* _Given information_:
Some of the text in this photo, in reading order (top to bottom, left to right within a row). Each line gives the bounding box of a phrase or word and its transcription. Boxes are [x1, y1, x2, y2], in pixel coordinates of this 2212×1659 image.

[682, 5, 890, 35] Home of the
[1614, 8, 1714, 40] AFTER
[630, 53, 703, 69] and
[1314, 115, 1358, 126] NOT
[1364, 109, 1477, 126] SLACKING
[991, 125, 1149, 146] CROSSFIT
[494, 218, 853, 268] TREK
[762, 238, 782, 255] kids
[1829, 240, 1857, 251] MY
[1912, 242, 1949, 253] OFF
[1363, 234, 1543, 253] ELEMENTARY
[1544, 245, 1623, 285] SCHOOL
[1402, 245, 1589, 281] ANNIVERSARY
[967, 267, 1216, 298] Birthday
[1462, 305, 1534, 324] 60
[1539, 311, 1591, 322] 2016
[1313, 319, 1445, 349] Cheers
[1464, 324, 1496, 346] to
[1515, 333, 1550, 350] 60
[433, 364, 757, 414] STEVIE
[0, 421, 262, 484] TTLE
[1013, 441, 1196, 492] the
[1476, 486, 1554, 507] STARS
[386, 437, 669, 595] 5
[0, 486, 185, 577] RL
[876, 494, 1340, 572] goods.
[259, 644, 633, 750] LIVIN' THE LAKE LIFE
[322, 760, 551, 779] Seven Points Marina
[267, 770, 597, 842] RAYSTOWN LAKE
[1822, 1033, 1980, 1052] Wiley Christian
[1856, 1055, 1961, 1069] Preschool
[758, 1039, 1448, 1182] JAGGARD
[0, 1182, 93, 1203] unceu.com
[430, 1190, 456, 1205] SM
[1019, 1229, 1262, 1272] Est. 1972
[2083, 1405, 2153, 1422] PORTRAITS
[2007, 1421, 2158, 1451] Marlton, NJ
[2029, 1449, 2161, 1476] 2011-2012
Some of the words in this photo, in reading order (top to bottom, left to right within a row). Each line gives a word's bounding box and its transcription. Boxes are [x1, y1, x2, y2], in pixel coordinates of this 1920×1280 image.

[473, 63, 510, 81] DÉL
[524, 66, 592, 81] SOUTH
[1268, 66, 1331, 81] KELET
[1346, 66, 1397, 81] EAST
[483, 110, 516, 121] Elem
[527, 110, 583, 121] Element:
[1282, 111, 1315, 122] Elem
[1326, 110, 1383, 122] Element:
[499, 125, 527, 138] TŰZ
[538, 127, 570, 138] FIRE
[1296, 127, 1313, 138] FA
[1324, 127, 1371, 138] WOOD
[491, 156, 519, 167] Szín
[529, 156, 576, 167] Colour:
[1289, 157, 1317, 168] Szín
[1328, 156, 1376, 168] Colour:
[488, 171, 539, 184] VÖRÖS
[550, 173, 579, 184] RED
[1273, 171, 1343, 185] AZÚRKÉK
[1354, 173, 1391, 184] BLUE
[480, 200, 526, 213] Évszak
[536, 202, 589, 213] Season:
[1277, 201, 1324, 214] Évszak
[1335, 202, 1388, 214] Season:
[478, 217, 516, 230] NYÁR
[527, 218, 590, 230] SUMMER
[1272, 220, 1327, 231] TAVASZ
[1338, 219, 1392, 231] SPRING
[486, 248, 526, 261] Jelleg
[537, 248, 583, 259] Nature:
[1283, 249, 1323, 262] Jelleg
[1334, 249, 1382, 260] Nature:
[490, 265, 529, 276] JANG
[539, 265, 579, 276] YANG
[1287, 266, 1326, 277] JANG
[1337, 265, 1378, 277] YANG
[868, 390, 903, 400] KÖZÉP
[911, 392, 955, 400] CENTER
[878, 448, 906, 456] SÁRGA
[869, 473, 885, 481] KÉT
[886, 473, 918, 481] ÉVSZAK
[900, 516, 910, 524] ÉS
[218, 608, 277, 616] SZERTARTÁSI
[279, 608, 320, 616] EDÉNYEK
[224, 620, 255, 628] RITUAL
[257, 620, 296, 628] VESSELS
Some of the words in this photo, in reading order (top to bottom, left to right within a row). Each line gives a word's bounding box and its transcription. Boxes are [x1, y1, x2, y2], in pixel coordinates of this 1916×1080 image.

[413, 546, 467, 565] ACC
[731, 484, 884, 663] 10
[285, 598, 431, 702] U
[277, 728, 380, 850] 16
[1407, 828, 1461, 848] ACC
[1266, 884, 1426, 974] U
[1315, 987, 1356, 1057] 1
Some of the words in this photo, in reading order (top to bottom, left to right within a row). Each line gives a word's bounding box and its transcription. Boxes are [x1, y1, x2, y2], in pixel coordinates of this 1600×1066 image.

* _Task prompt_: Please transcribe the listing in its entirety, exactly.

* _Answer box_:
Some of the text in this photo, in reading order (top to bottom, left to right within a row). Each line gives the bounding box of a phrase or word and its transcription. Boxes are [x1, y1, x2, y2], in pixel coordinates of this 2212×1659 image.

[682, 5, 890, 35] Home of the
[1614, 8, 1714, 40] AFTER
[630, 53, 703, 69] and
[1314, 115, 1358, 126] NOT
[1364, 109, 1477, 126] SLACKING
[991, 125, 1149, 146] CROSSFIT
[494, 218, 853, 268] TREK
[762, 238, 782, 255] kids
[1829, 240, 1857, 251] MY
[1912, 242, 1949, 253] OFF
[1363, 234, 1543, 253] ELEMENTARY
[1544, 245, 1623, 285] SCHOOL
[1402, 245, 1589, 281] ANNIVERSARY
[967, 267, 1216, 298] Birthday
[1462, 305, 1534, 324] 60
[1539, 311, 1591, 322] 2016
[1313, 319, 1445, 349] Cheers
[1464, 324, 1496, 346] to
[1515, 333, 1550, 350] 60
[433, 364, 757, 414] STEVIE
[0, 421, 262, 484] TTLE
[1013, 441, 1196, 492] the
[1476, 486, 1554, 507] STARS
[386, 437, 669, 595] 5
[0, 486, 185, 577] RL
[876, 494, 1340, 572] goods.
[259, 644, 633, 750] LIVIN' THE LAKE LIFE
[322, 760, 551, 779] Seven Points Marina
[267, 770, 597, 842] RAYSTOWN LAKE
[1822, 1033, 1980, 1052] Wiley Christian
[1856, 1055, 1961, 1069] Preschool
[758, 1039, 1448, 1182] JAGGARD
[0, 1182, 93, 1203] unceu.com
[430, 1190, 456, 1205] SM
[1019, 1229, 1262, 1272] Est. 1972
[2083, 1405, 2153, 1422] PORTRAITS
[2007, 1421, 2158, 1451] Marlton, NJ
[2029, 1449, 2161, 1476] 2011-2012
Some of the words in this photo, in reading order (top to bottom, left to right within a row). Each line gives a word's bounding box and its transcription. Boxes are [x1, y1, x2, y2], in pixel coordinates of this 1920×1280 image.

[473, 63, 510, 81] DÉL
[524, 66, 592, 81] SOUTH
[1268, 66, 1331, 81] KELET
[1346, 66, 1397, 81] EAST
[483, 110, 516, 121] Elem
[527, 110, 583, 121] Element:
[1282, 111, 1315, 122] Elem
[1326, 110, 1383, 122] Element:
[499, 125, 527, 138] TŰZ
[538, 127, 570, 138] FIRE
[1296, 127, 1313, 138] FA
[1324, 127, 1371, 138] WOOD
[491, 156, 519, 167] Szín
[529, 156, 576, 167] Colour:
[1289, 157, 1317, 168] Szín
[1328, 156, 1376, 168] Colour:
[488, 171, 539, 184] VÖRÖS
[550, 173, 579, 184] RED
[1273, 171, 1343, 185] AZÚRKÉK
[1354, 173, 1391, 184] BLUE
[480, 200, 526, 213] Évszak
[536, 202, 589, 213] Season:
[1277, 201, 1324, 214] Évszak
[1335, 202, 1388, 214] Season:
[478, 217, 516, 230] NYÁR
[527, 218, 590, 230] SUMMER
[1272, 220, 1327, 231] TAVASZ
[1338, 219, 1392, 231] SPRING
[486, 248, 526, 261] Jelleg
[537, 248, 583, 259] Nature:
[1283, 249, 1323, 262] Jelleg
[1334, 249, 1382, 260] Nature:
[490, 265, 529, 276] JANG
[539, 265, 579, 276] YANG
[1287, 266, 1326, 277] JANG
[1337, 265, 1378, 277] YANG
[868, 390, 903, 400] KÖZÉP
[911, 392, 955, 400] CENTER
[878, 448, 906, 456] SÁRGA
[869, 473, 885, 481] KÉT
[886, 473, 918, 481] ÉVSZAK
[900, 516, 910, 524] ÉS
[218, 608, 277, 616] SZERTARTÁSI
[279, 608, 320, 616] EDÉNYEK
[224, 620, 255, 628] RITUAL
[257, 620, 296, 628] VESSELS
Some of the words in this photo, in reading order (top to bottom, left to right within a row). Each line gives a word's bounding box and its transcription. Boxes are [x1, y1, x2, y2], in pixel coordinates of this 1916×1080 image.

[413, 546, 467, 565] ACC
[731, 484, 884, 663] 10
[285, 598, 431, 702] U
[277, 728, 380, 850] 16
[1407, 828, 1461, 848] ACC
[1266, 884, 1426, 974] U
[1315, 987, 1356, 1057] 1
Some of the words in this photo, in reading order (top to bottom, left to right within a row). Each line gives a word's bounding box and its transcription. Boxes are [x1, y1, x2, y2], in pixel coordinates of this 1600×1066 image.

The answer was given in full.